For interim periods, accounting standards require that income tax expense be determined by applying the estimated annual effective income tax rate to year-to-date results unless this method does not result in a reliable estimate of year-to-date income tax expense. Each period, the income tax accrual is adjusted to the latest estimate, and the difference from the previously accrued year-to-date balance is adjusted to the current quarter. Changes in profitability estimates in various jurisdictions will impact our quarterly effective income tax rates.

The tax provision for income taxes for the three months ended March 31, 2020 and 2019, reflected an estimated annual effective tax rate of 26%, excluding discrete items discussed below.

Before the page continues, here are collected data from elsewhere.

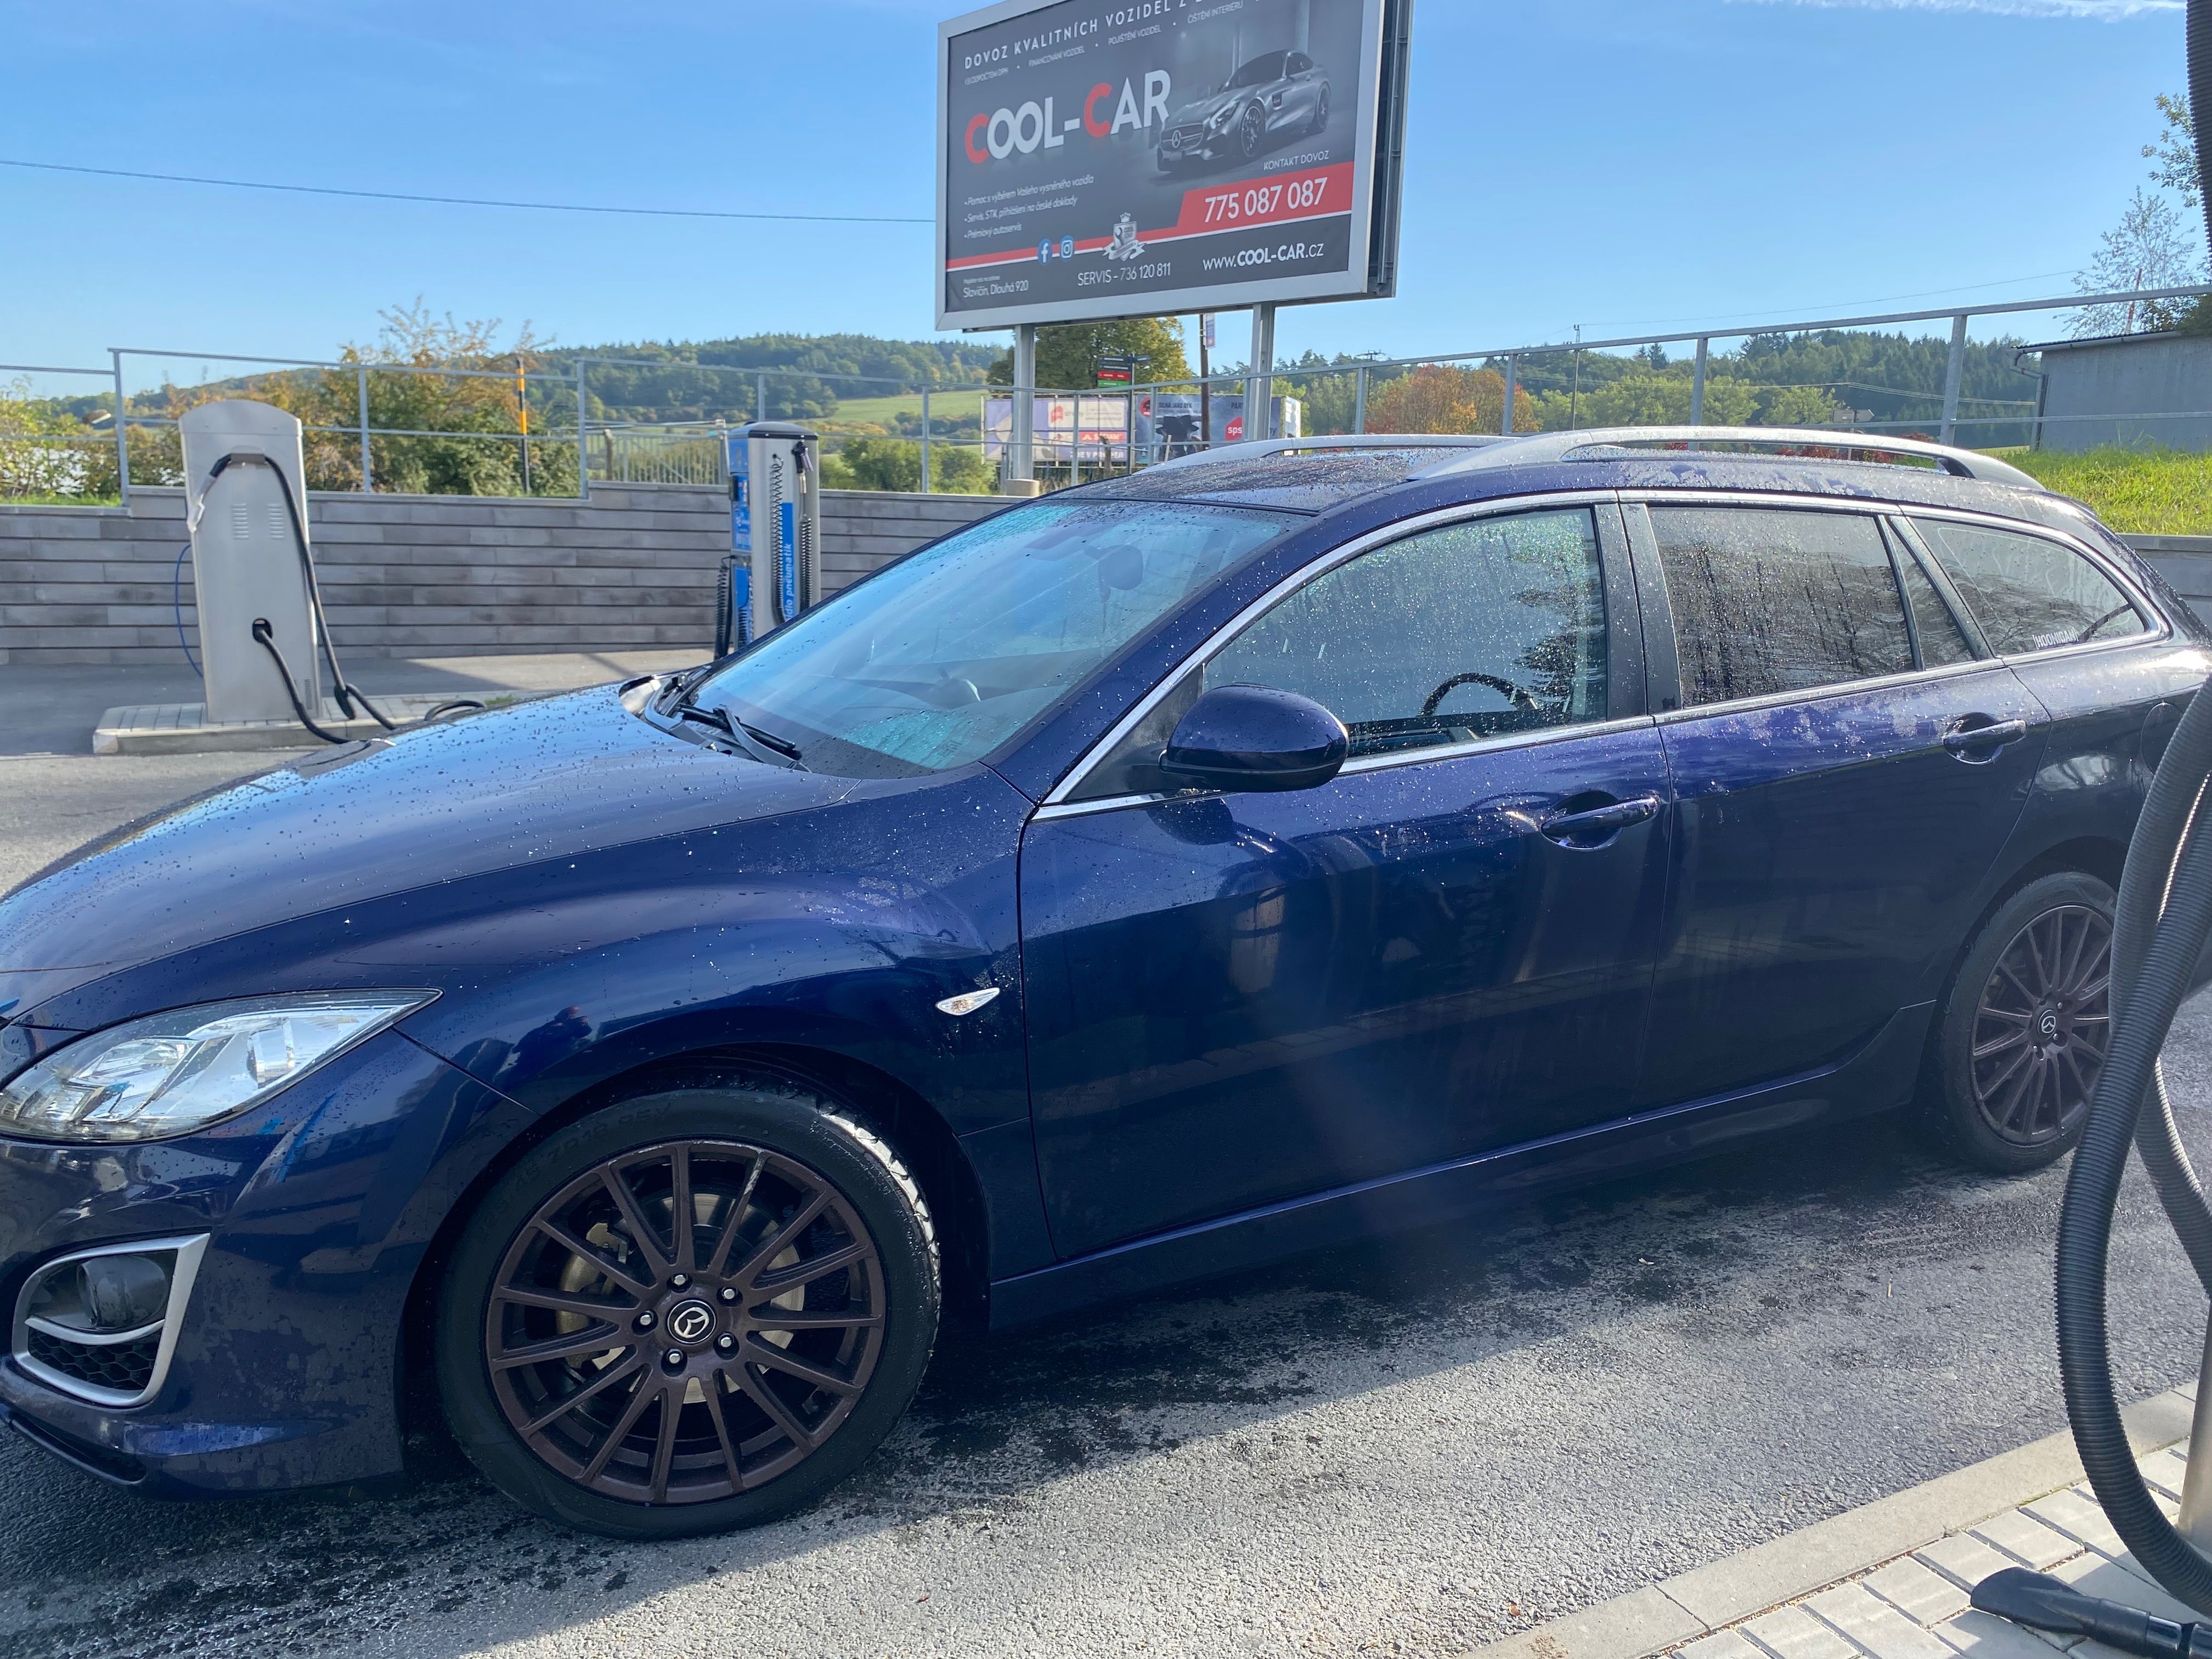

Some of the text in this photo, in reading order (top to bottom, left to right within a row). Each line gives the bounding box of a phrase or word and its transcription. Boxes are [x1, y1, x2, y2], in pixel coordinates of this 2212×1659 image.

[964, 46, 1008, 70] DOVOZ
[1014, 18, 1098, 55] KVALITNÍCH
[1105, 0, 1171, 27] VOZIDEL
[965, 70, 1171, 163] COOL-CAR
[1263, 150, 1329, 171] KONTAKT DOVOZ
[1204, 177, 1328, 223] 775 087 087
[990, 282, 1015, 295] Dlouhá
[1015, 280, 1029, 292] 920
[1077, 269, 1112, 286] SERVIS
[1119, 267, 1137, 281] 736
[1138, 264, 1155, 279] 120
[1156, 262, 1171, 277] 811
[1227, 427, 1243, 436] sps
[783, 543, 794, 596] pneumatik
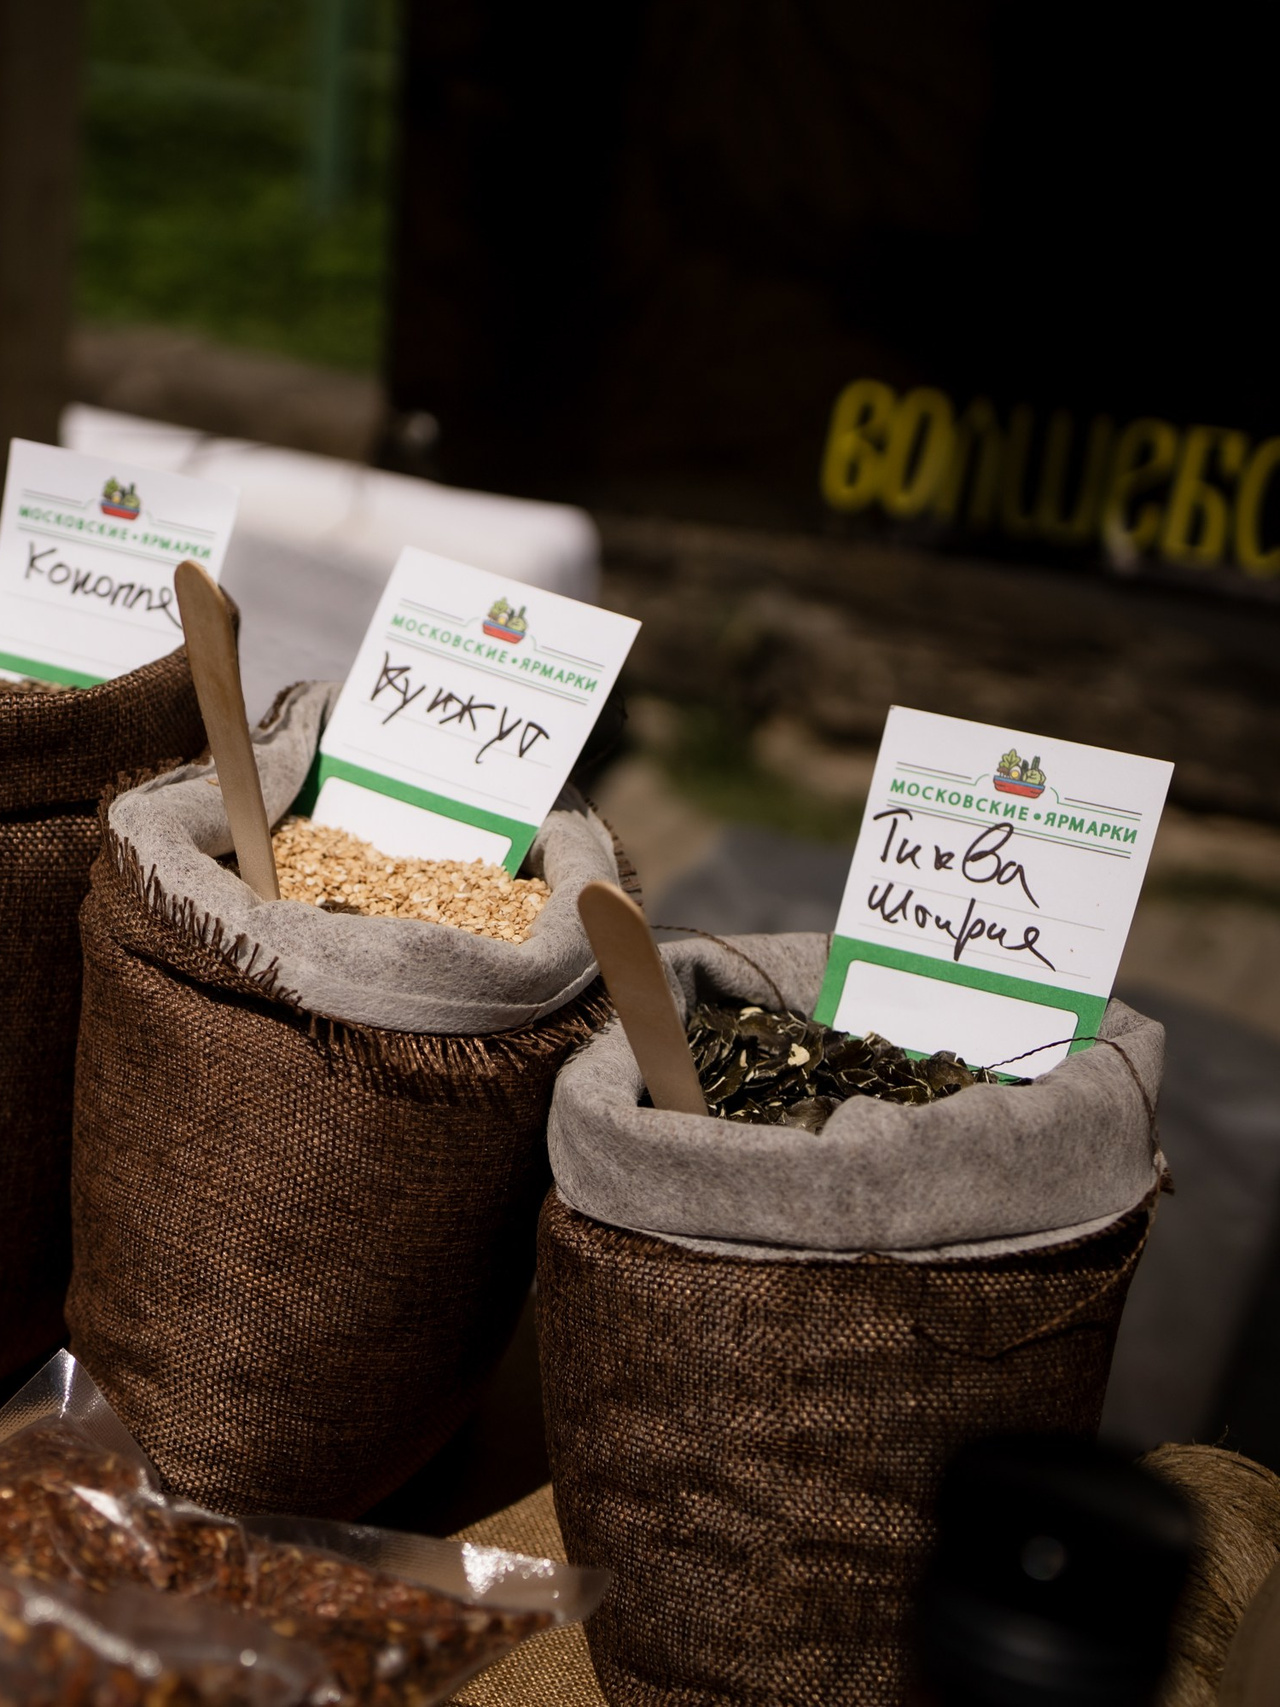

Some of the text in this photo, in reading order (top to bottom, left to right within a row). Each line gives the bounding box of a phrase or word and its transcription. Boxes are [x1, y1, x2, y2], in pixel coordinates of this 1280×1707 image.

[140, 533, 211, 560] ЯРМАРКИ
[391, 614, 598, 693] МОСКОВСКИЕ ЯРМАРКИ
[890, 778, 1139, 845] МОСКОВСКИЕ ЯРМАРКИ
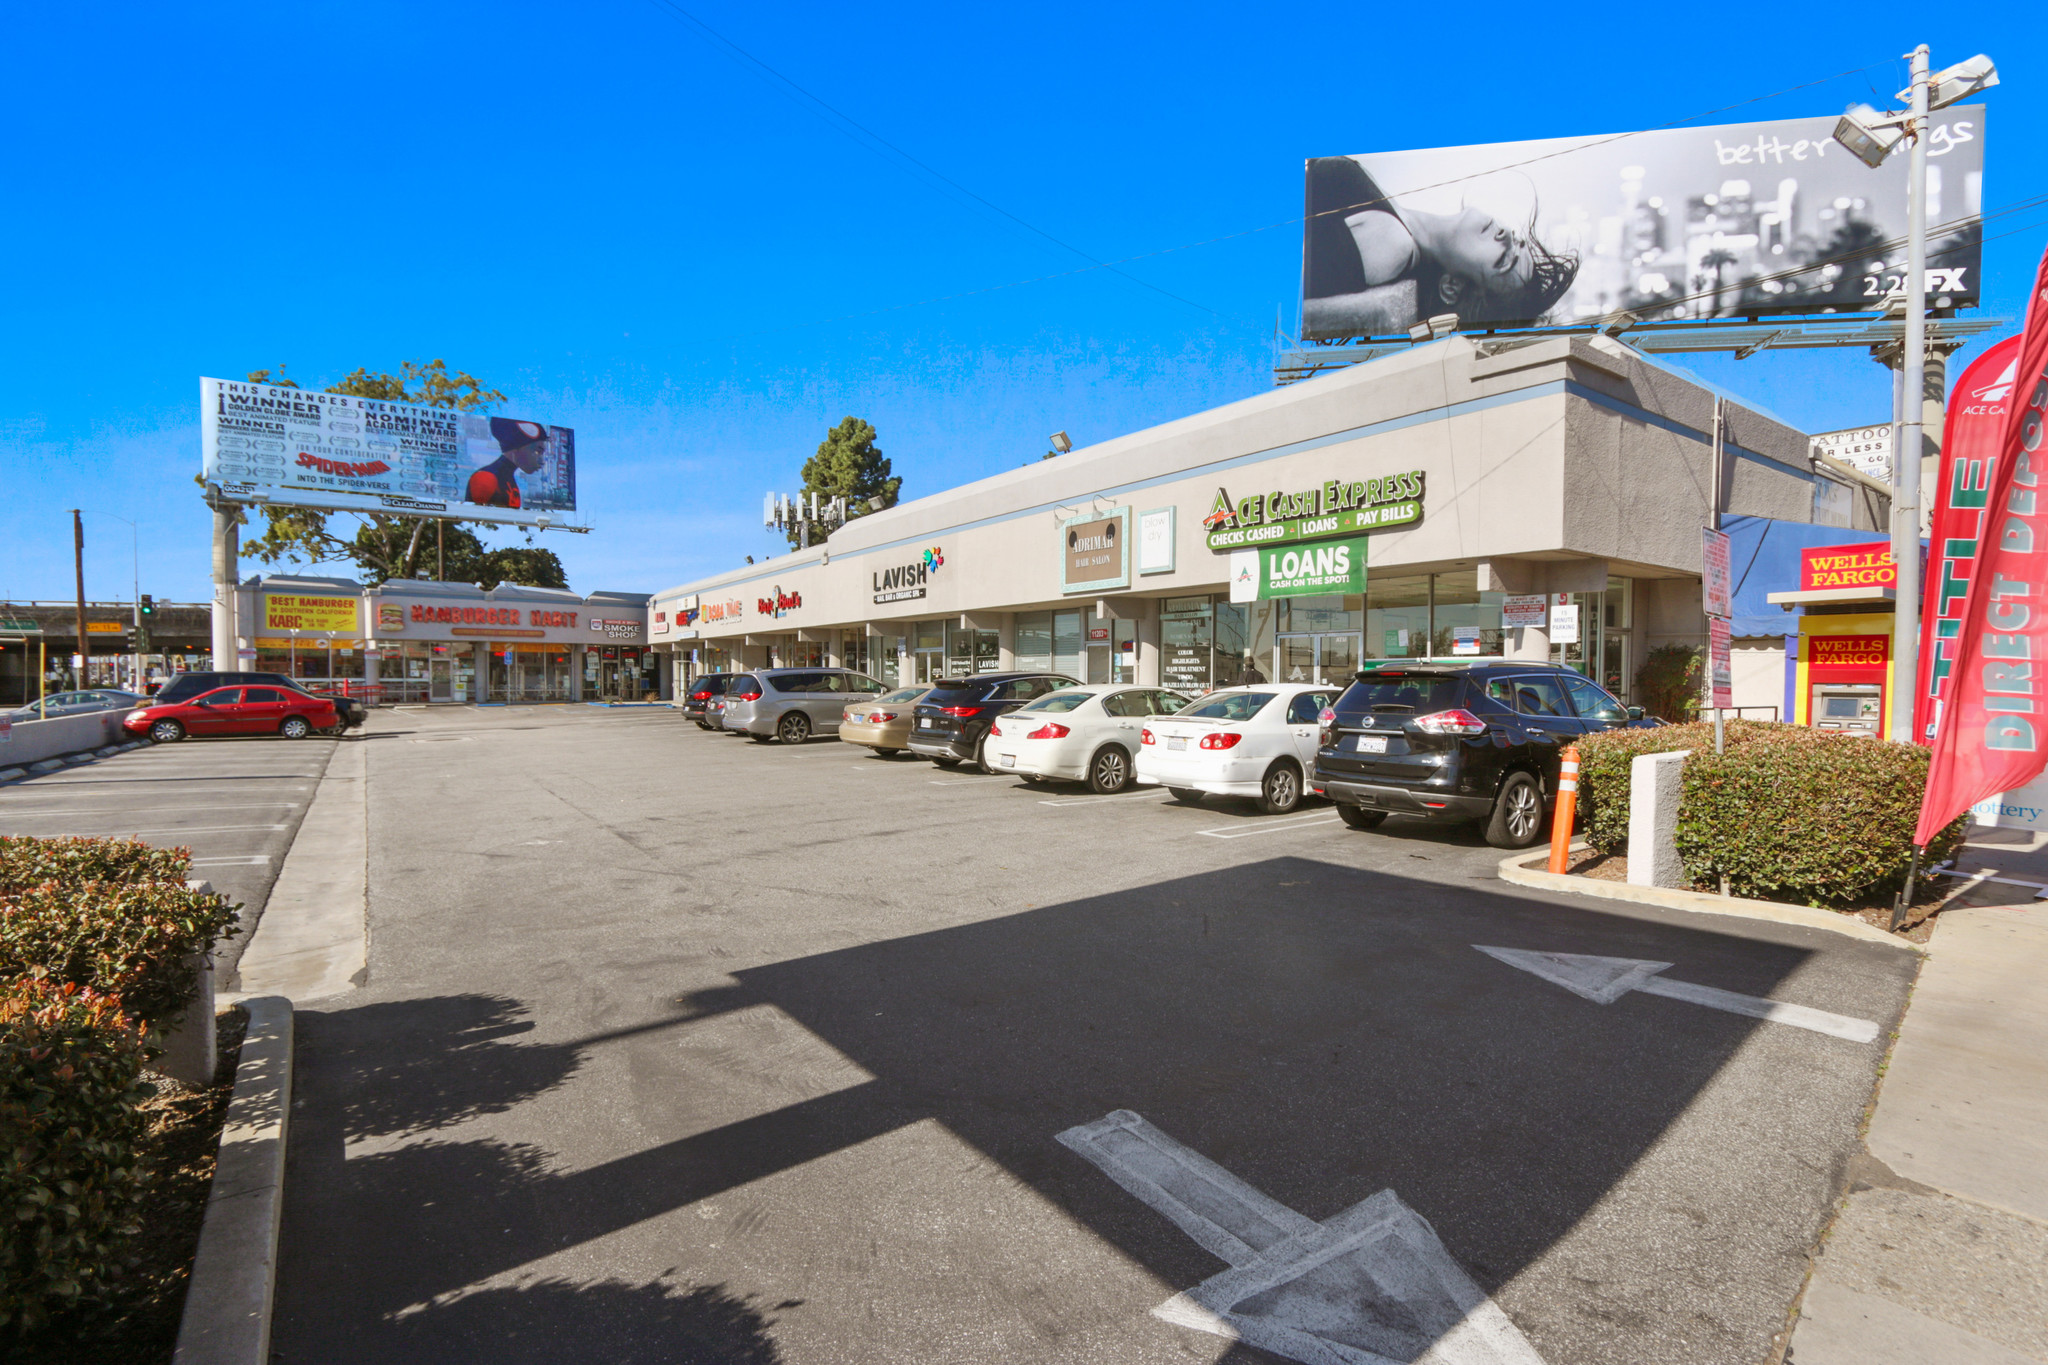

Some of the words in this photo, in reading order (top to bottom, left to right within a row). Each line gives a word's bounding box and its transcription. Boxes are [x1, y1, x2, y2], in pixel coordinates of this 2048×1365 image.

[1714, 135, 1836, 165] better
[1924, 267, 1967, 292] FX
[218, 382, 258, 395] THIS
[269, 389, 348, 407] CHANGES
[358, 401, 457, 421] EVERYTHING
[228, 393, 320, 413] WINNER
[1962, 405, 1987, 415] ACE
[228, 403, 262, 412] GOLDEN
[264, 407, 290, 416] GLOBE
[293, 411, 321, 420] AWARD
[250, 413, 288, 423] ANIMATED
[289, 418, 321, 427] FEATURE
[218, 417, 285, 430] WINNER
[365, 412, 457, 431] NOMINEE
[366, 420, 416, 433] ACADEMY
[421, 426, 457, 438] AWARD
[400, 438, 457, 450] WINNER
[1811, 427, 1889, 446] ATTOO
[1845, 442, 1883, 454] LESS
[295, 452, 391, 477] SPIDER-MAN
[297, 475, 317, 483] INTO
[338, 478, 391, 490] SPIDER-VERSE
[1265, 489, 1317, 520] CASH
[1323, 470, 1423, 511] EXPRESS
[1210, 531, 1244, 547] CHECKS
[1246, 525, 1284, 542] CASHED
[1302, 516, 1338, 535] LOANS
[1356, 510, 1379, 526] PAY
[1380, 504, 1414, 521] BILLS
[1072, 534, 1114, 553] ADRIMAR
[1076, 558, 1089, 568] HAIR
[1092, 554, 1110, 566] SALON
[1270, 545, 1350, 580] LOANS
[1809, 552, 1895, 571] WELLS
[873, 562, 927, 592] LAVISH
[1270, 579, 1291, 589] CASH
[1292, 578, 1305, 587] ON
[1307, 576, 1323, 585] THE
[1324, 574, 1350, 584] SPOT!
[1811, 568, 1895, 587] FARGO
[271, 596, 295, 606] BEST
[300, 597, 354, 608] HAMBURGER
[269, 614, 302, 628] KABC
[410, 604, 521, 625] HAMBURGER
[530, 609, 578, 628] HABIT
[604, 624, 641, 632] SMOKE
[1814, 639, 1884, 652] WELLS
[979, 660, 999, 668] LAVISH
[1815, 653, 1883, 665] FARGO
[1981, 572, 2036, 751] DIRECT

The total effective tax rate for the three months ended March 31, 2020 and 2019, including discrete items, was 22% and 21%, respectively.

We recorded a net discrete tax benefit of $2 million during the first three months of 2020 and 2019. In both periods, the discrete benefits related primarily to excess tax benefits from stock-based compensation.

On March 27, 2020, the Coronavirus Aid, Relief, and Economic Security Act (CARES Act) was enacted into law and provides for changes to the U.S. tax code that impact businesses. Some of the key income tax changes that could have an impact on LP include relaxation of the interest deduction limitation rules, the expansion of the Net Operating Loss utilization rules, and the eligibility of Qualified Improvement Property for bonus depreciation. As of March 31, 2020, we have made a reasonable estimate of the effects on our current and deferred tax balances, if any.  As further guidance is released and the implications are better understood, we will adjust this estimate as necessary.